(SOURCE MATERIAL Opens)

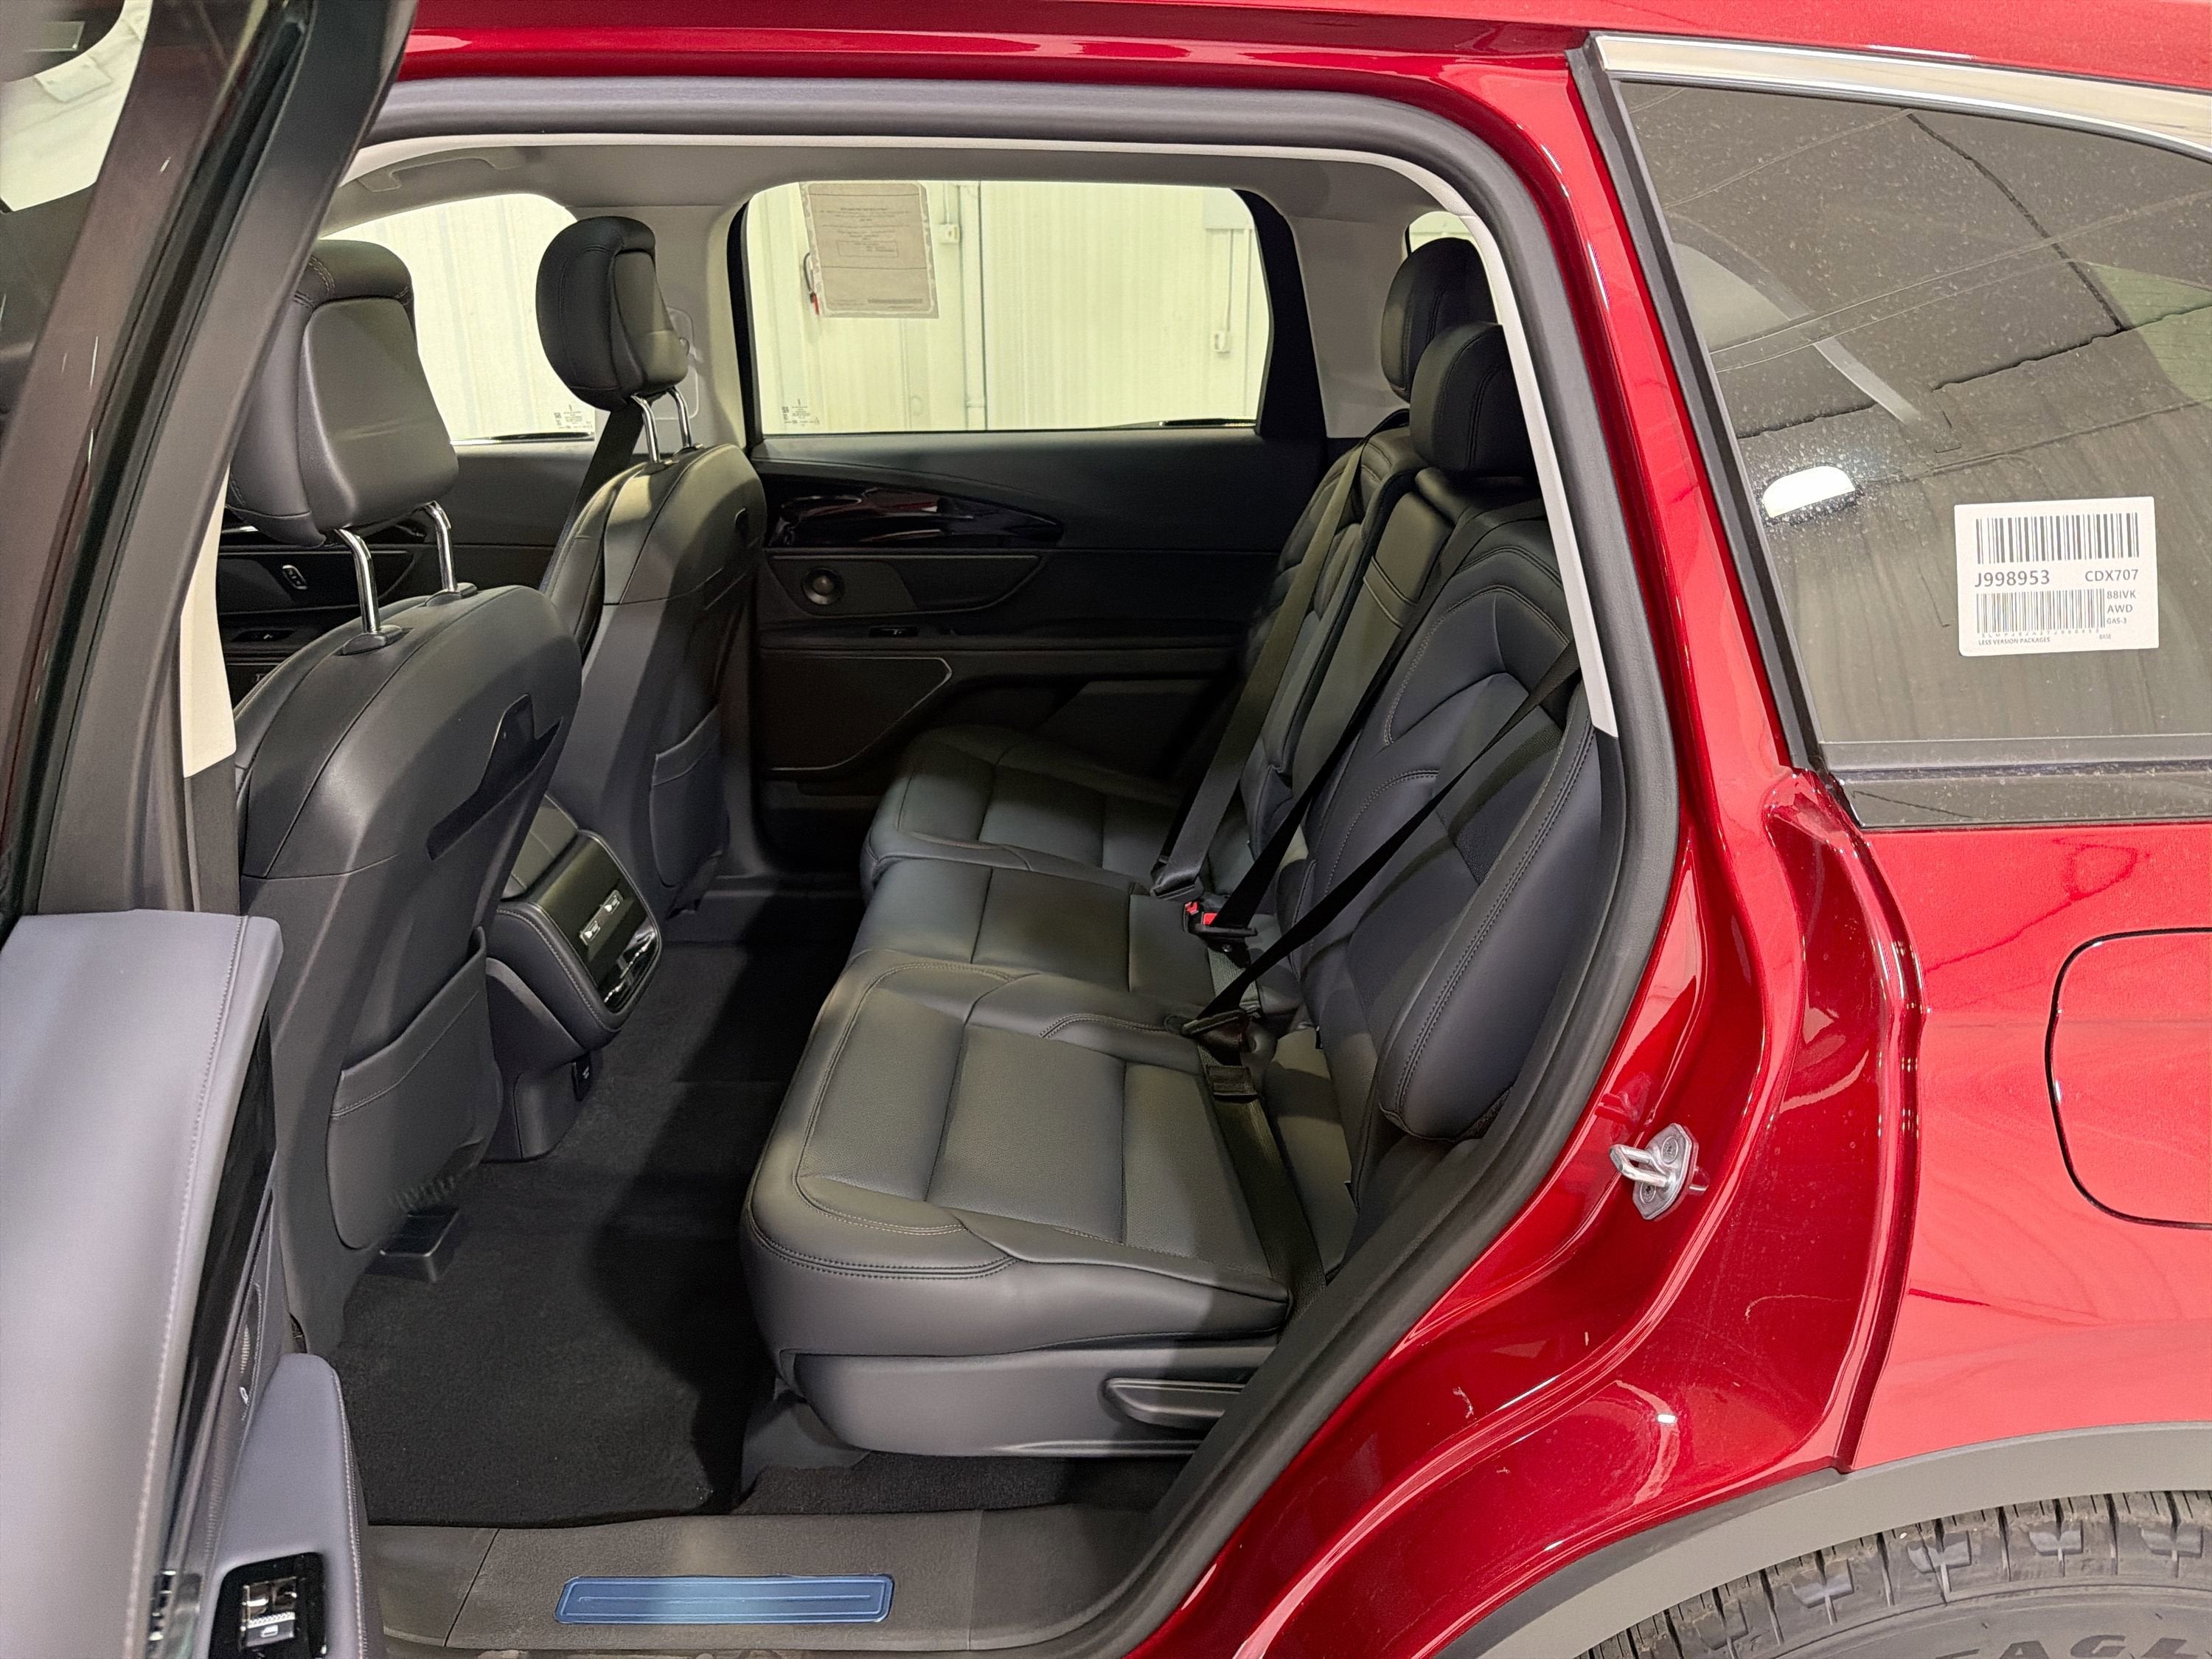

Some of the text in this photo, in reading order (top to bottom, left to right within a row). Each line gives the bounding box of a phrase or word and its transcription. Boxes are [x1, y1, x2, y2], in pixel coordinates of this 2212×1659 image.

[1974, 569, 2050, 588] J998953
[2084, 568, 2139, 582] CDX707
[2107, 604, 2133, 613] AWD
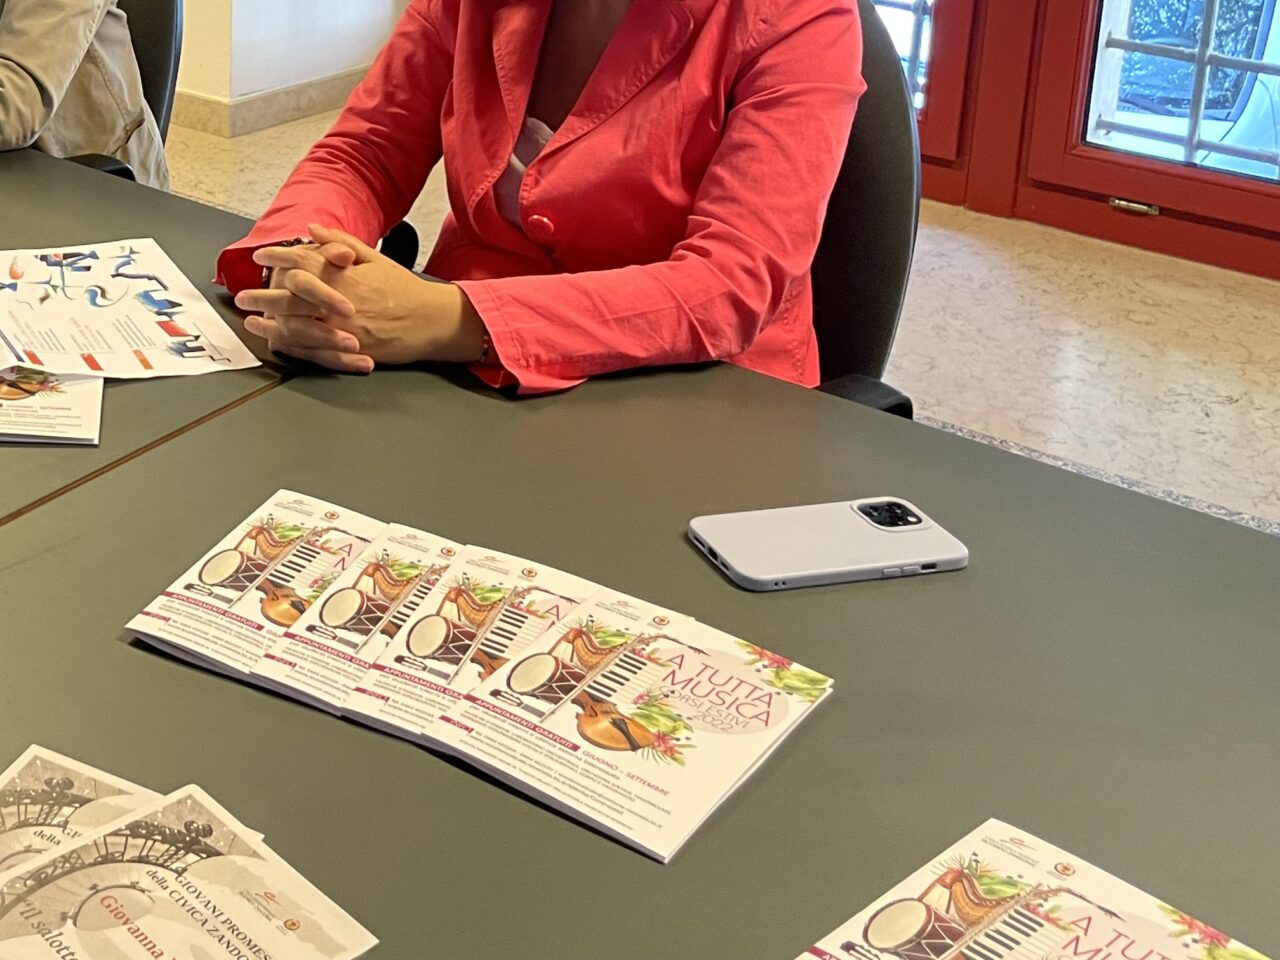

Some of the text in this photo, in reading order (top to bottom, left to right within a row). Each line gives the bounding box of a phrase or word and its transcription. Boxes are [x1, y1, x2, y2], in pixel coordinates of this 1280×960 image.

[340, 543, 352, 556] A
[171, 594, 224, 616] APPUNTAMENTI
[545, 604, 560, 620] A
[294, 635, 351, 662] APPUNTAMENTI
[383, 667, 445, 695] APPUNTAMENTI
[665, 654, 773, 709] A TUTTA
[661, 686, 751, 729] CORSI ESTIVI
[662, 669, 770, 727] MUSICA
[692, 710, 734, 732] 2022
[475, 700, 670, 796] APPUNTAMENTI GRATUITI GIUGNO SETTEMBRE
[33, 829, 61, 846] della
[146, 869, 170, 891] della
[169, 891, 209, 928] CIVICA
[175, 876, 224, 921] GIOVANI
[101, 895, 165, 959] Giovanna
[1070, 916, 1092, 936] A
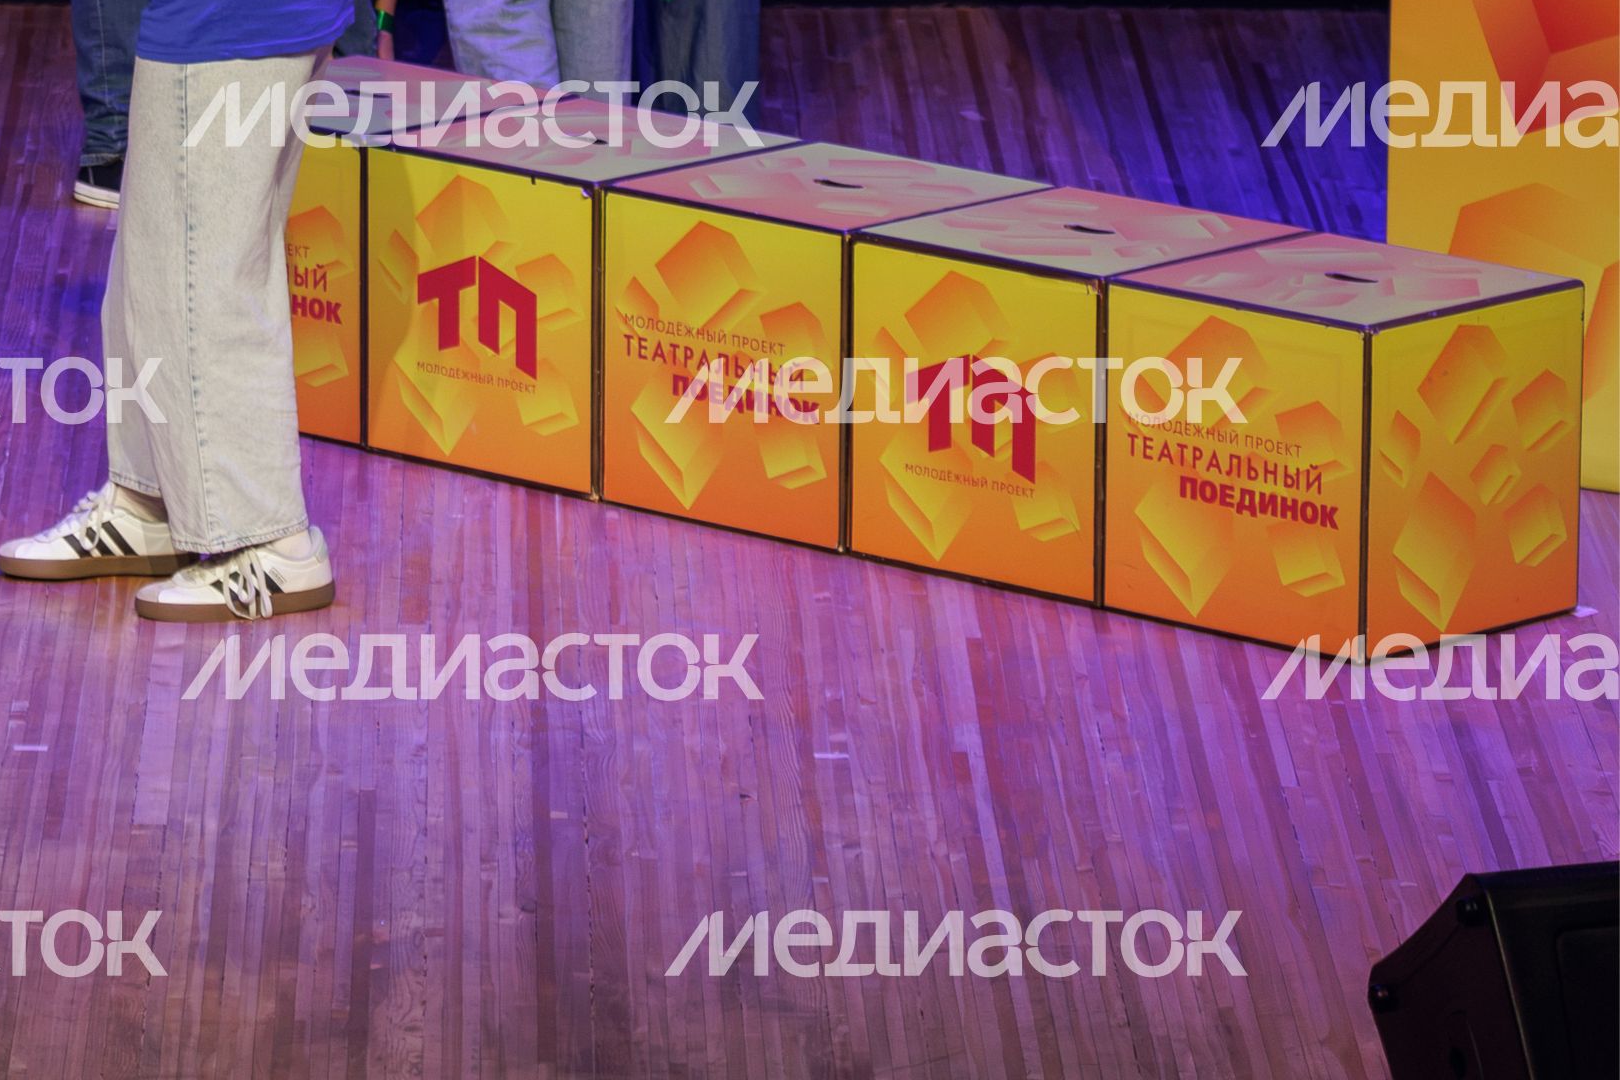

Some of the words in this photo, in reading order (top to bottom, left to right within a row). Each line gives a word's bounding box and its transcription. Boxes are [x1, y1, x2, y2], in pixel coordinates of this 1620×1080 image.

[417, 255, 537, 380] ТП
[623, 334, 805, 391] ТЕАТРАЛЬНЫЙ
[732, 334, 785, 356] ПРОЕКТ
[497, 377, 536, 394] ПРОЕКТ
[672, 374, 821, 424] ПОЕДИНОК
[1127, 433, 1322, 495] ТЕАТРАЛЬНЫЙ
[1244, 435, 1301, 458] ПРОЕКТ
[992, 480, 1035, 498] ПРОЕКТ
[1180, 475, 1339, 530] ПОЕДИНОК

(SOURCE MATERIAL Closes)

§ WORK TO COMPLETE
Copy every record above exactly, leaving out any pictures.

§ ANSWER FOR THE TASK
Some of the text in this photo, in reading order (top to bottom, left to right within a row). Each line gives the bounding box of a phrase or word and its transcription. Boxes are [x1, y1, x2, y2], in pixel coordinates of this 2212×1659 image.

[1974, 569, 2050, 588] J998953
[2084, 568, 2139, 582] CDX707
[2107, 604, 2133, 613] AWD

Some of the text in this photo, in reading order (top to bottom, left to right within a row). Each line gives the bounding box of a phrase or word and its transcription. Boxes are [x1, y1, x2, y2], in pixel coordinates of this 1280×960 image.

[340, 543, 352, 556] A
[171, 594, 224, 616] APPUNTAMENTI
[545, 604, 560, 620] A
[294, 635, 351, 662] APPUNTAMENTI
[383, 667, 445, 695] APPUNTAMENTI
[665, 654, 773, 709] A TUTTA
[661, 686, 751, 729] CORSI ESTIVI
[662, 669, 770, 727] MUSICA
[692, 710, 734, 732] 2022
[475, 700, 670, 796] APPUNTAMENTI GRATUITI GIUGNO SETTEMBRE
[33, 829, 61, 846] della
[146, 869, 170, 891] della
[169, 891, 209, 928] CIVICA
[175, 876, 224, 921] GIOVANI
[101, 895, 165, 959] Giovanna
[1070, 916, 1092, 936] A

Some of the words in this photo, in reading order (top to bottom, left to right within a row). Each line gives a word's bounding box and its transcription. Boxes are [x1, y1, x2, y2], in pixel coordinates of this 1620×1080 image.

[417, 255, 537, 380] ТП
[623, 334, 805, 391] ТЕАТРАЛЬНЫЙ
[732, 334, 785, 356] ПРОЕКТ
[497, 377, 536, 394] ПРОЕКТ
[672, 374, 821, 424] ПОЕДИНОК
[1127, 433, 1322, 495] ТЕАТРАЛЬНЫЙ
[1244, 435, 1301, 458] ПРОЕКТ
[992, 480, 1035, 498] ПРОЕКТ
[1180, 475, 1339, 530] ПОЕДИНОК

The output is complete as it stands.